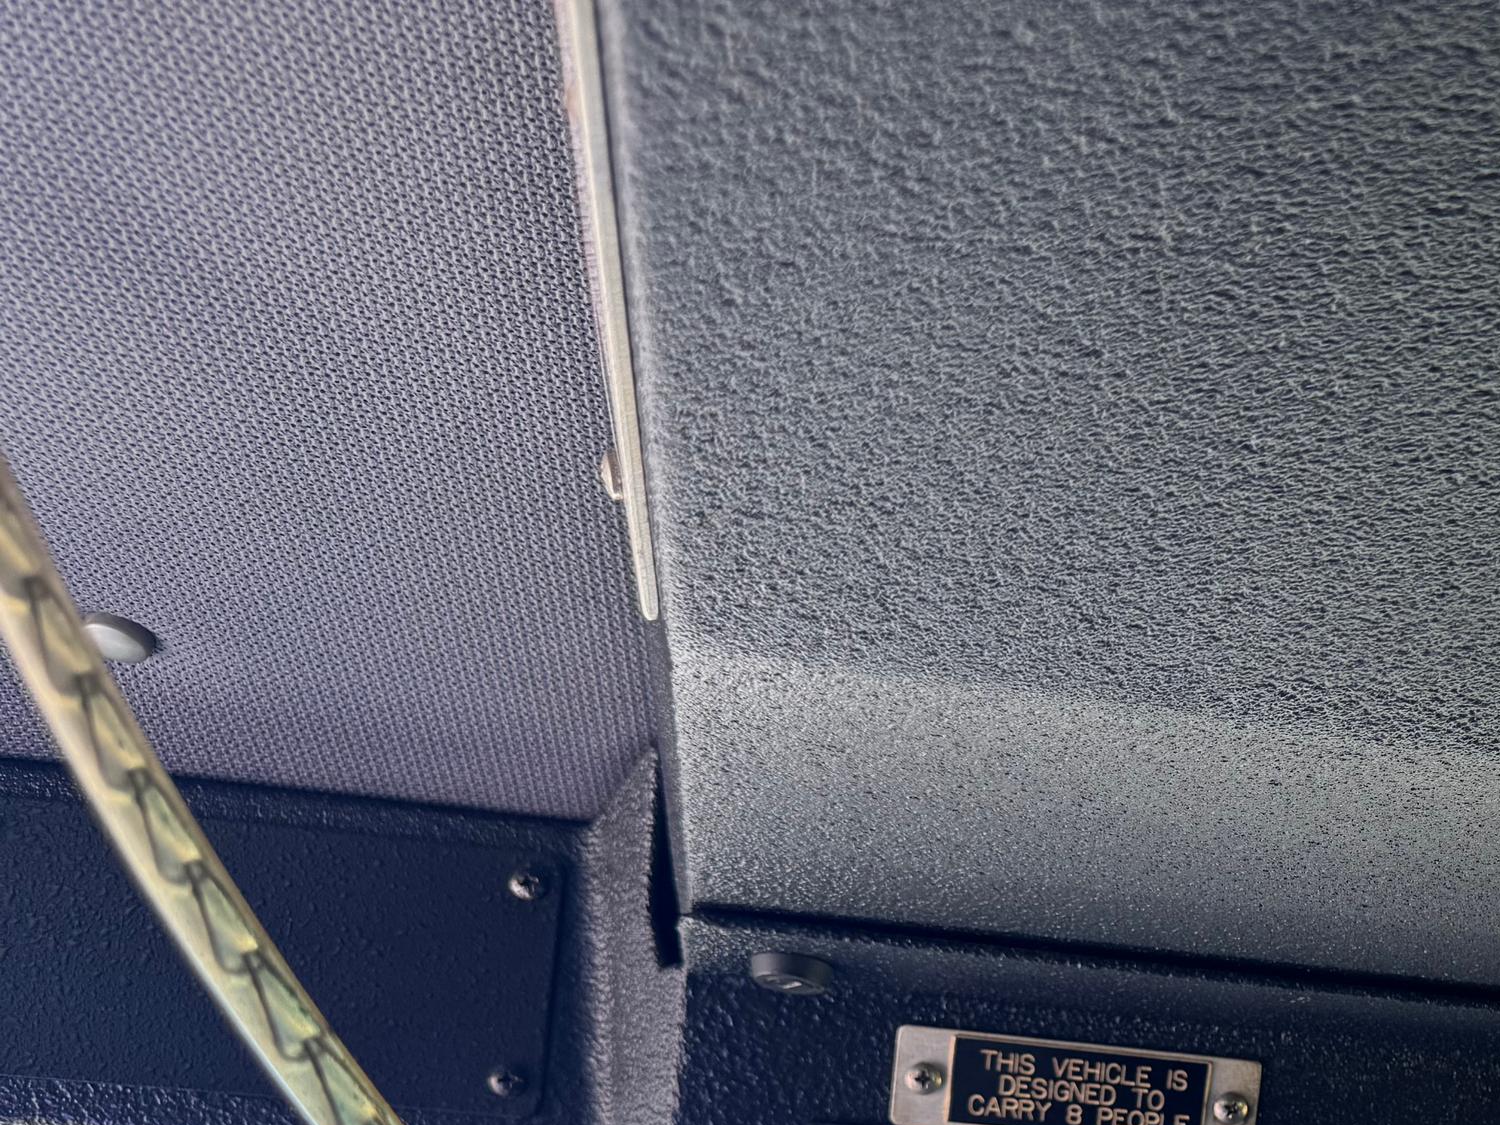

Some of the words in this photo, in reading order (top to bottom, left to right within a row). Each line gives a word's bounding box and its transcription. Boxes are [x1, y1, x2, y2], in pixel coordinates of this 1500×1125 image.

[980, 1049, 1036, 1075] THIS
[1052, 1057, 1152, 1088] VEHICLE
[1166, 1069, 1189, 1091] IS
[968, 1094, 1052, 1122] CARRY
[1065, 1105, 1083, 1125] 8
[1000, 1075, 1117, 1107] DESIGNED
[1132, 1087, 1165, 1111] TO
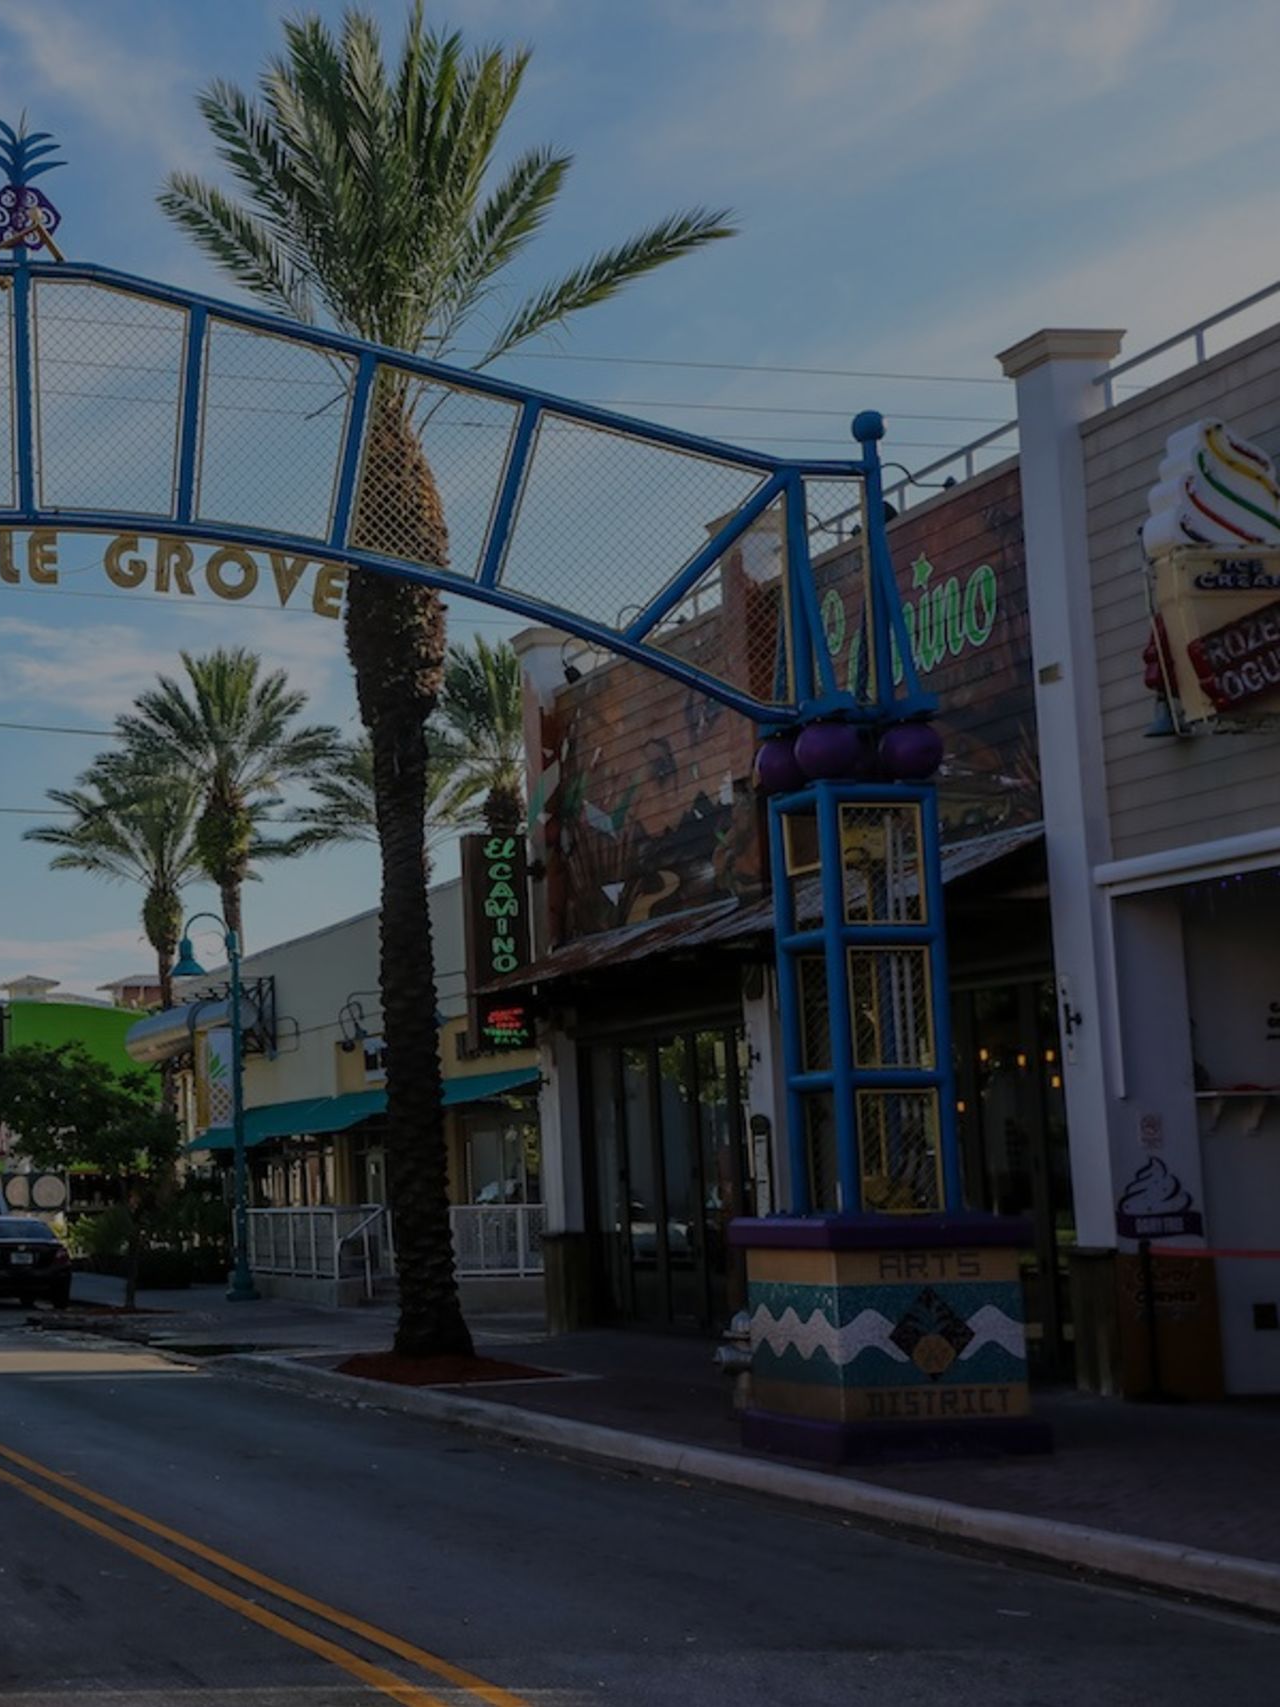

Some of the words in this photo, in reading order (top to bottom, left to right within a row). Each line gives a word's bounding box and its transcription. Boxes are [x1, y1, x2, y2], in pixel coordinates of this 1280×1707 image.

[105, 536, 349, 620] GROVE
[483, 862, 520, 973] CAMINO
[879, 1252, 981, 1279] ARTS
[868, 1388, 1010, 1416] DISTRICT
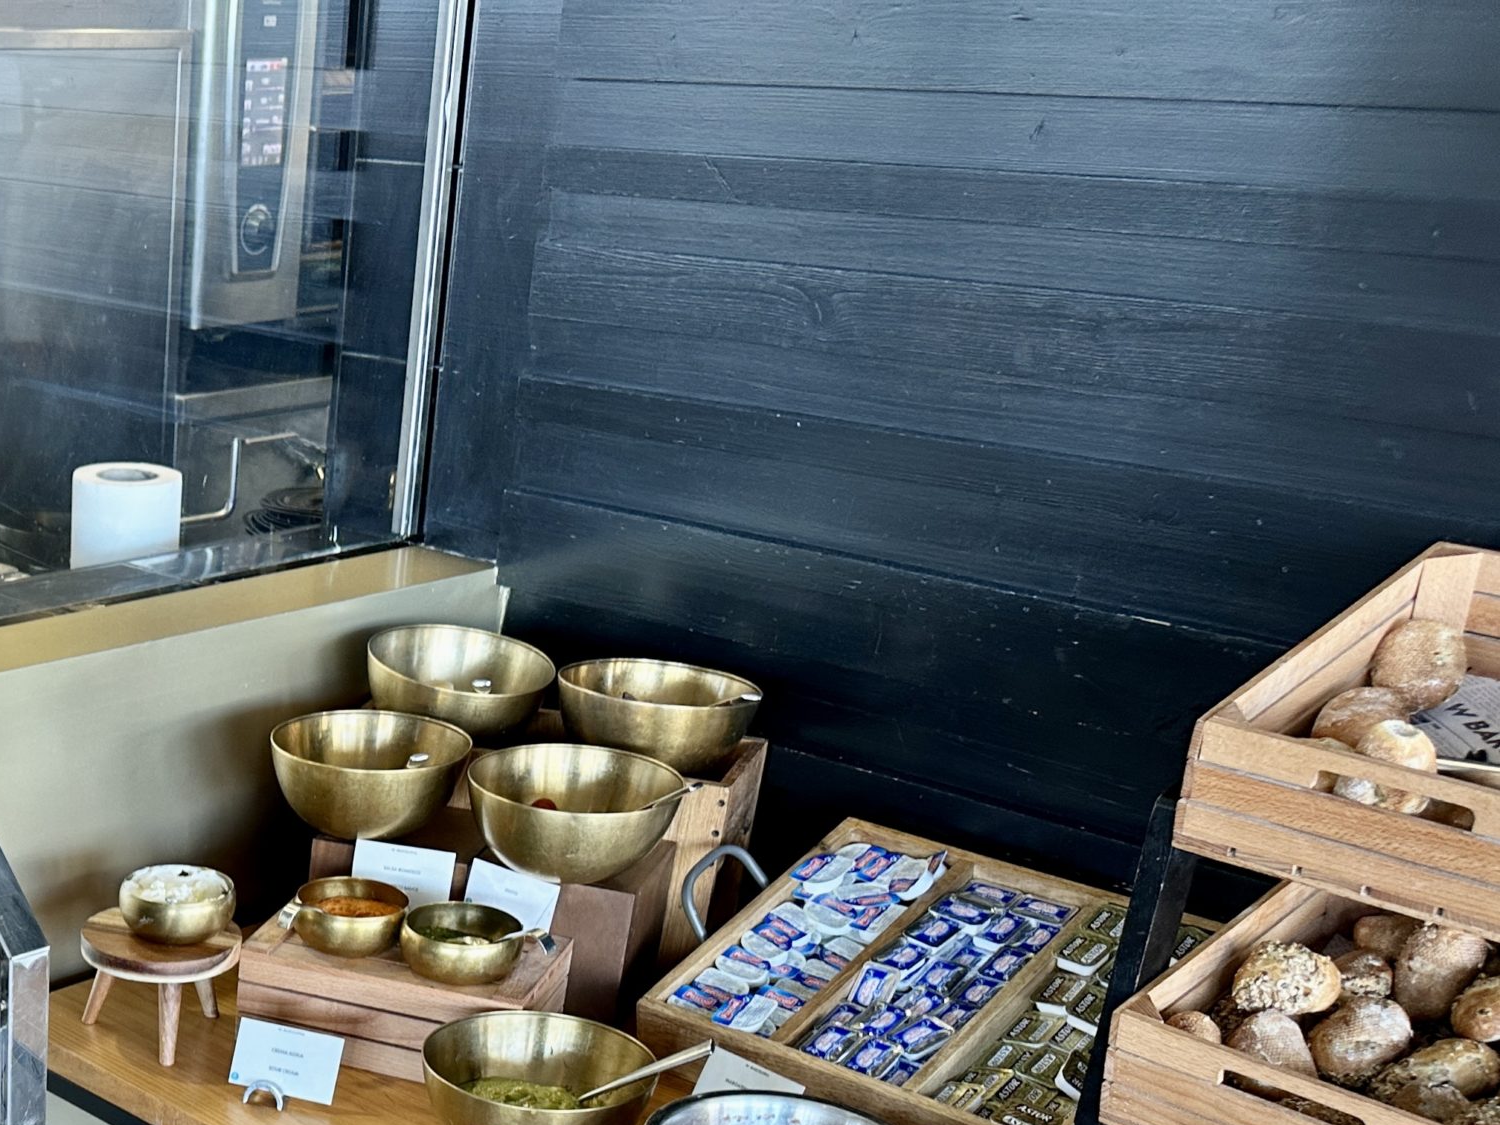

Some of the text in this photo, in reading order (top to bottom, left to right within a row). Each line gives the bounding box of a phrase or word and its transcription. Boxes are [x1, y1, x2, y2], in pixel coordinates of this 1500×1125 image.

[1444, 703, 1478, 717] W
[1090, 911, 1111, 930] ASTOR
[1063, 937, 1085, 956] ASTOR
[1175, 936, 1195, 957] ASTOR
[1043, 977, 1064, 998] ASTOR
[1075, 994, 1096, 1014] ASTOR
[1010, 1018, 1030, 1037] ASTOR
[999, 1079, 1020, 1100] ASTOR
[1017, 1105, 1052, 1122] ASTOR
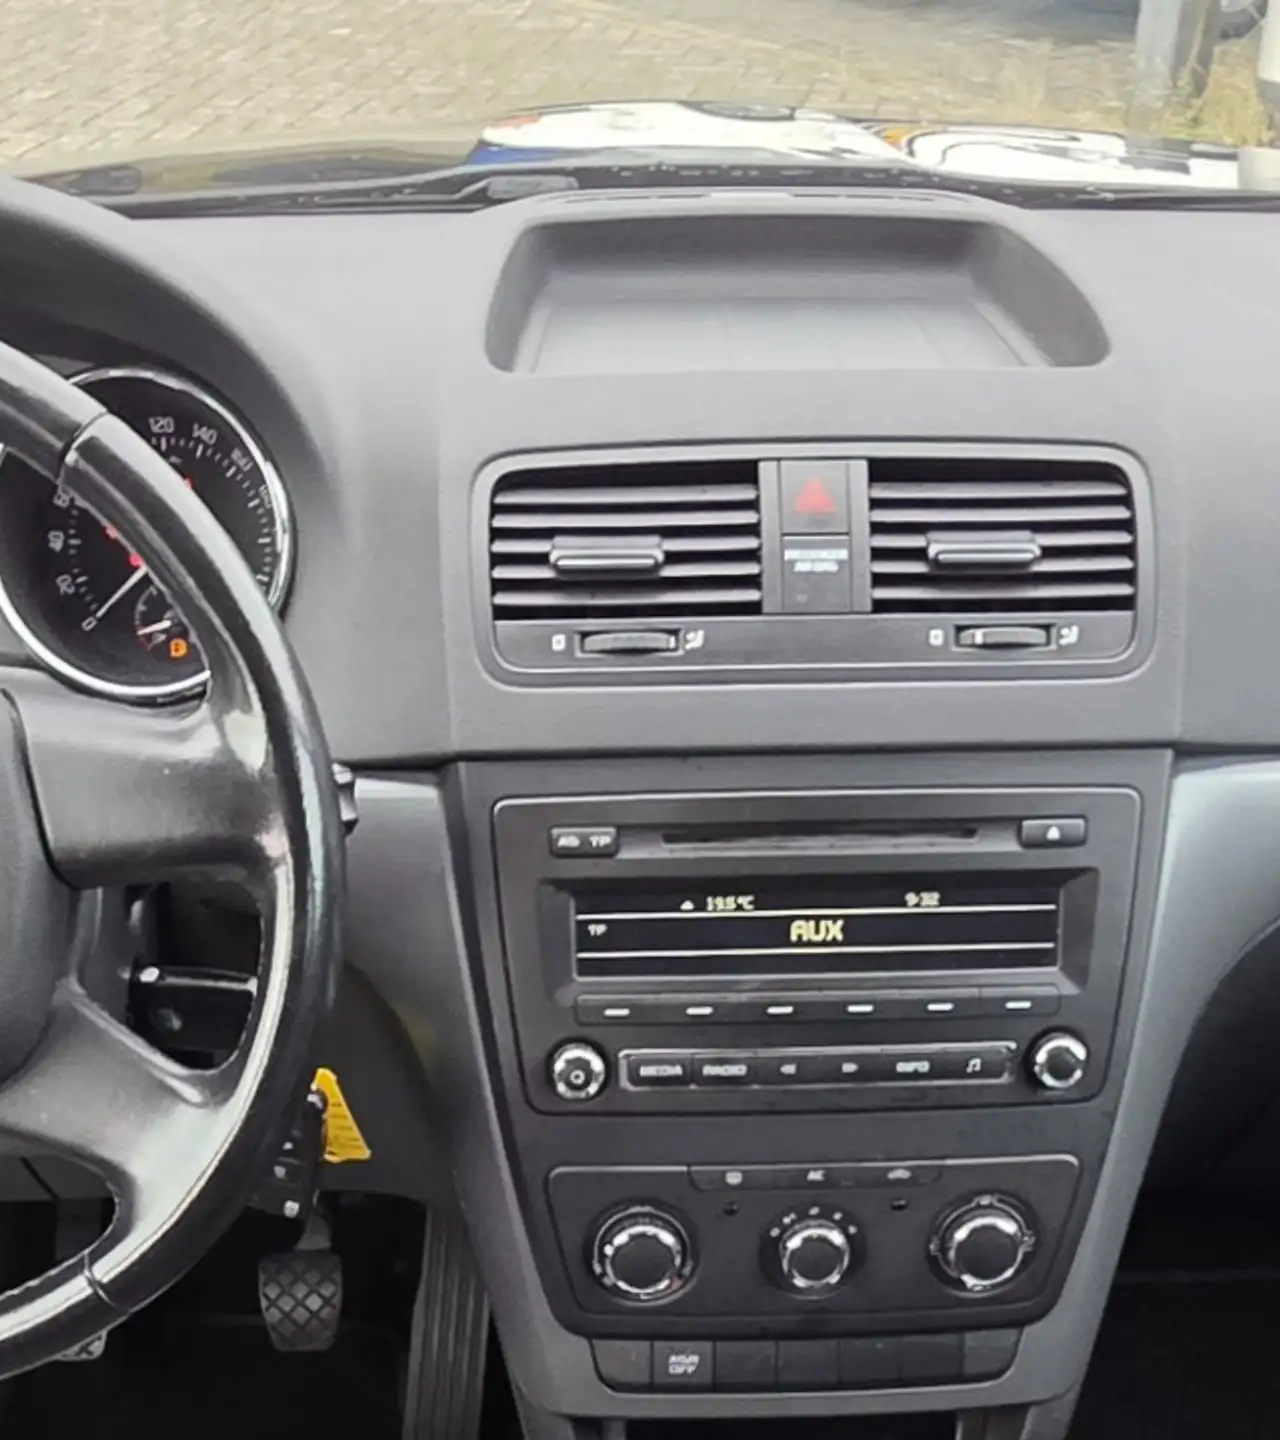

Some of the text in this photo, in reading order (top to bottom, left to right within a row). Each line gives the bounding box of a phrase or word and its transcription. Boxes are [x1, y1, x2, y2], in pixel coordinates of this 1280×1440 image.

[148, 416, 175, 433] 120
[192, 422, 218, 444] 140
[48, 530, 65, 552] 40
[56, 574, 76, 596] 20
[81, 616, 97, 632] 0
[589, 835, 613, 848] TP
[588, 923, 608, 937] TP
[789, 919, 844, 942] AUX
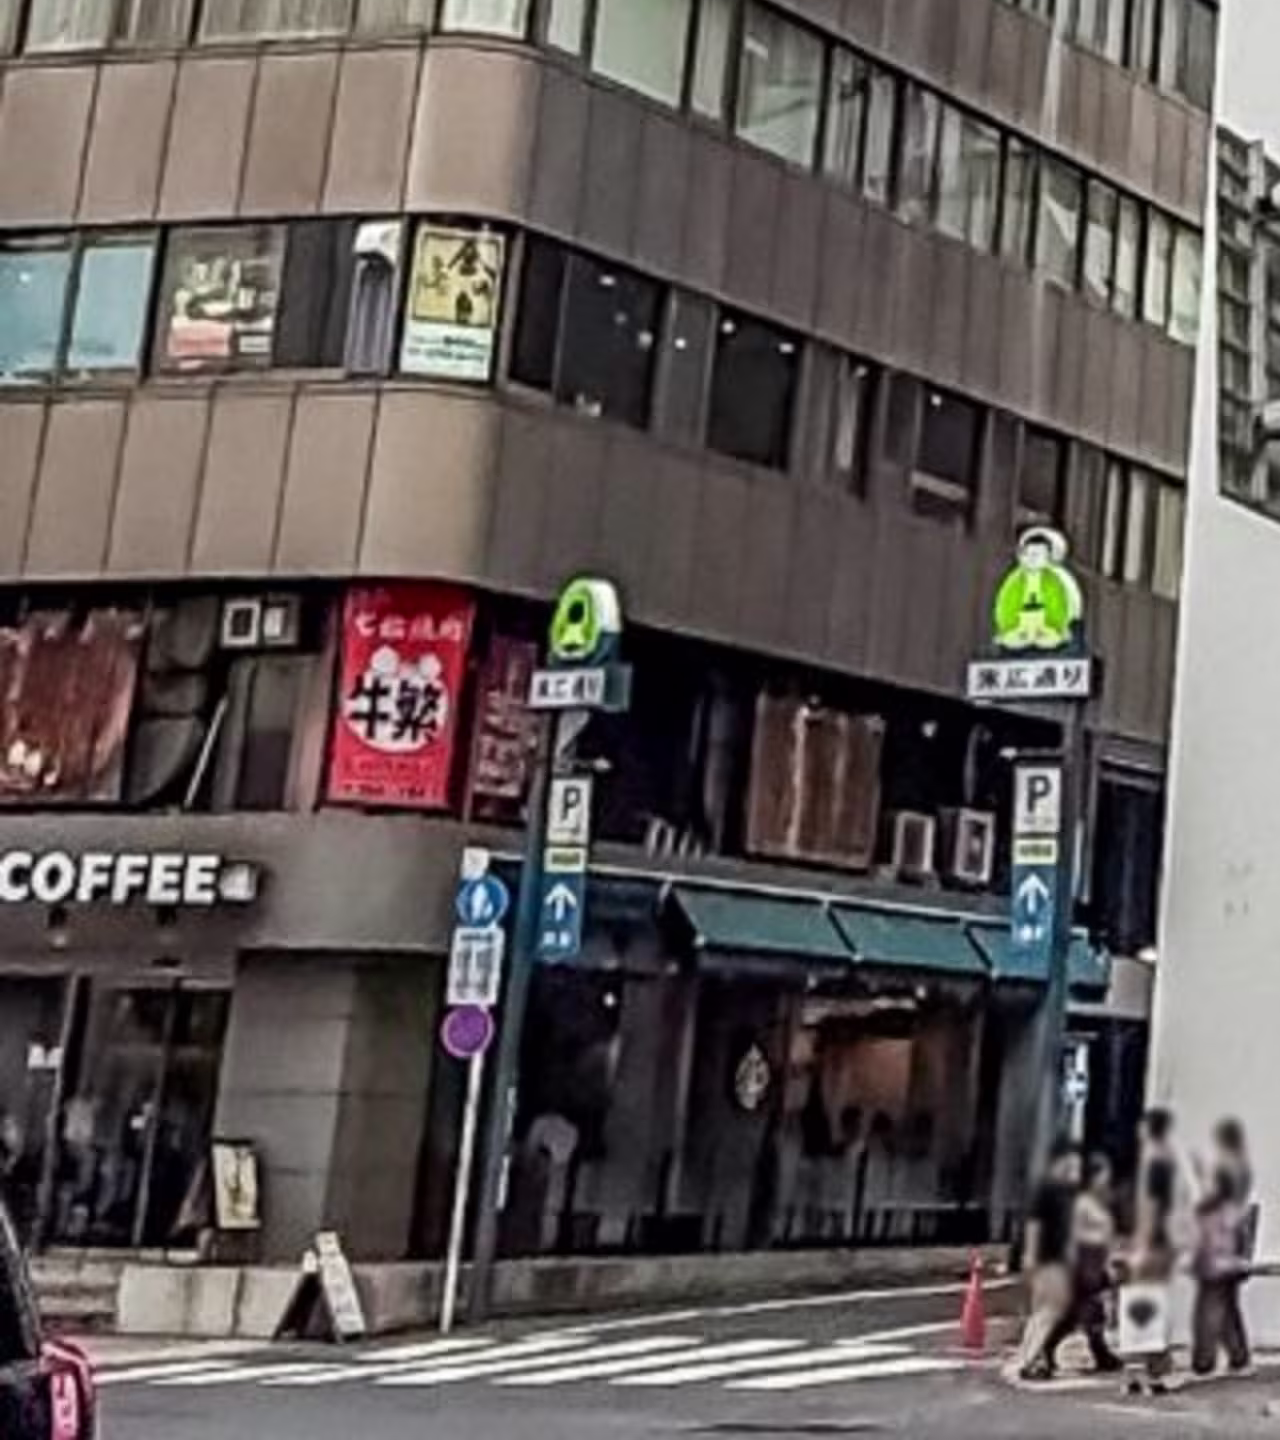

▸ **DIRECTIONS**: Please repeat each line above exactly as it appears, but omit the pictures.

▸ **WRITTEN RESPONSE**:
Some of the words in this photo, in reading order (top to bottom, left to right within a row). Each line gives a word's bounding box and its transcription. Boxes are [x1, y1, x2, y2], in pixel coordinates of this 1500×1125 image.

[980, 1049, 1036, 1075] THIS
[1052, 1057, 1152, 1088] VEHICLE
[1166, 1069, 1189, 1091] IS
[968, 1094, 1052, 1122] CARRY
[1065, 1105, 1083, 1125] 8
[1000, 1075, 1117, 1107] DESIGNED
[1132, 1087, 1165, 1111] TO

Some of the words in this photo, in reading order (top to bottom, left to right within a row). Each line gives a word's bounding box and its transcription. Boxes are [x1, y1, x2, y2], in pixel coordinates of this 1280×1707 image.

[105, 536, 349, 620] GROVE
[483, 862, 520, 973] CAMINO
[879, 1252, 981, 1279] ARTS
[868, 1388, 1010, 1416] DISTRICT

Some of the text in this photo, in reading order (top to bottom, left to right within a row). Each line gives the bounding box of a phrase or word and its transcription. Boxes are [x1, y1, x2, y2], in pixel coordinates of this 1500×1125 image.

[1444, 703, 1478, 717] W
[1090, 911, 1111, 930] ASTOR
[1063, 937, 1085, 956] ASTOR
[1175, 936, 1195, 957] ASTOR
[1043, 977, 1064, 998] ASTOR
[1075, 994, 1096, 1014] ASTOR
[1010, 1018, 1030, 1037] ASTOR
[999, 1079, 1020, 1100] ASTOR
[1017, 1105, 1052, 1122] ASTOR

Some of the text in this photo, in reading order (top to bottom, left to right within a row). Each line gives the bounding box of a phrase or word and its transcription. Boxes are [x1, y1, x2, y2], in pixel coordinates of this 1280×1440 image.

[148, 416, 175, 433] 120
[192, 422, 218, 444] 140
[48, 530, 65, 552] 40
[56, 574, 76, 596] 20
[81, 616, 97, 632] 0
[589, 835, 613, 848] TP
[588, 923, 608, 937] TP
[789, 919, 844, 942] AUX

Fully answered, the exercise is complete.